Что из того, что Чехова скучно «читать много подряд»? Это ничего не доказывает. Любой писатель может наскучить, если его «читать много подряд». Главное не в этом.
Главное, на мой взгляд, вот что.
Во-первых, Фадеев, оценивая Чехова, пренебрег основным заветом, идущим от Пушкина, — судить художника по его собственным законам. Если даже согласиться с тем, что «действительность Чехова — только одна из сторон русской действительности его времени», то как раз эту свою действительность Чехов написал как никто другой, и рядом с Пушкиным, Лермонтовым, Гоголем, Тургеневым, Достоевским Чехов — есть Чехов. Чехов как раз и делал то, что не делали ни Толстой, ни Тургенев… Такового его и надо оценивать, а главное, оценивать то, о чем Чехов написал, а не то, о чем он и не думал писать. Если идти дальше по Фадееву, то как Чехов не увидел Мичуриных, Менделеевых, Чайковских и, наконец, Лениных, то так же не видели своих великих современников и Гоголь, и Салтыков-Щедрин, да и тот же Лев Толстой, если на то пошло. Где у них великие их современники в «Мертвых душах» и в «Ревизоре», или в «Истории одного города», или в «Воскресении»? Тогда, скажем, и «Мертвые души» — всего лишь одностороннее изображение действительности, особенно без глав о капитане Копейкине. Недаром же Пушкин воскликнул: «Боже мой, как грустна наша Россия!..» Но почему-то не сказал Гоголю: «Послушайте, Николай Васильич, написали бы вы и о нас с вами, о Гоголе, о Пушкине (мы ли не антиподы Манилова, Ноздрева и Плюшкина!), и было бы веселее читать вашу поэму!..»

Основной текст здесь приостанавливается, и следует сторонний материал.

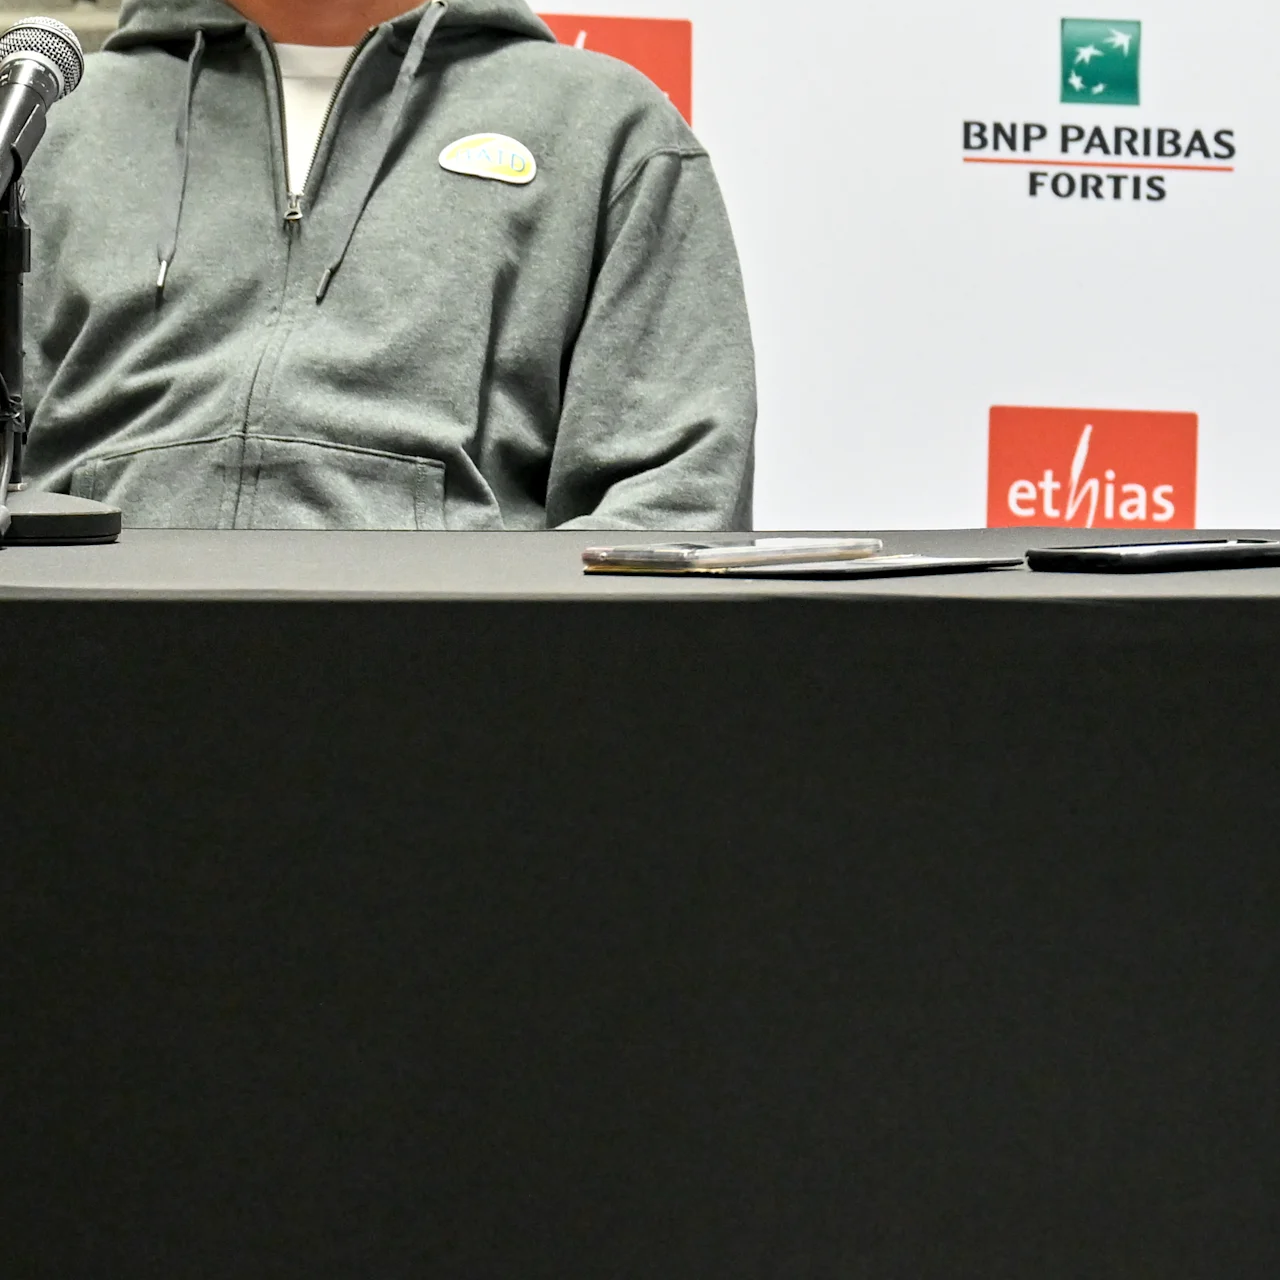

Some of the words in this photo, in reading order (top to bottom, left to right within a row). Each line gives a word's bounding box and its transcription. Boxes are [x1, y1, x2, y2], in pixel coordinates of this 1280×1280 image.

Когда Фадеева и Малышкина критики столкнули лбами, Фадеев совершенно справедливо писал:
«Нехорошо то, что рецензент нашел возможным противопоставлять друг другу два литературных явления, действующих «по одну сторону баррикад» в широком смысле…»
Вот тут начинается во-вторых. Фадеев забыл об этом, оценивая Чехова.
Тургенев, Толстой, Короленко, Горький, Чехов — литературные явления, действующие «по одну сторону баррикад» в широчайшем смысле. В разное время и одновременно по-разному отображали они российскую жизнь, ставя на ее основе общеевропейские и общечеловеческие вопросы, готовя революционную ситуацию. Разве случайно то, что Чехов был любим «не замеченными» им Лениным и Чайковским, Толстым и Горьким?
Разве случайно, что Чехов триумфально идет сейчас по всему миру? Не потому ли последние три десятка лет его называют великим безо всяких обиняков? А то он все ходил в известных, выдающихся…
Чехов велик тем, что он сделал в отечественной культуре. Художника, который бы сделал то, чего мы пожелали бы все и каждый, не было и не будет.
Нет, дорогой Александр Александрович, вы не правы в своих претензиях к Антону Павловичу.
Прав Горький, который сказал о Чехове:
«Он обладал искусством всюду находить и оттенять пошлость, — искусством, которое доступно только человеку высоких требований к жизни, которое создается лишь горячим желанием видеть людей простыми, красивыми, гармоничными. Пошлость всегда находила в нем жестокого и острого судью».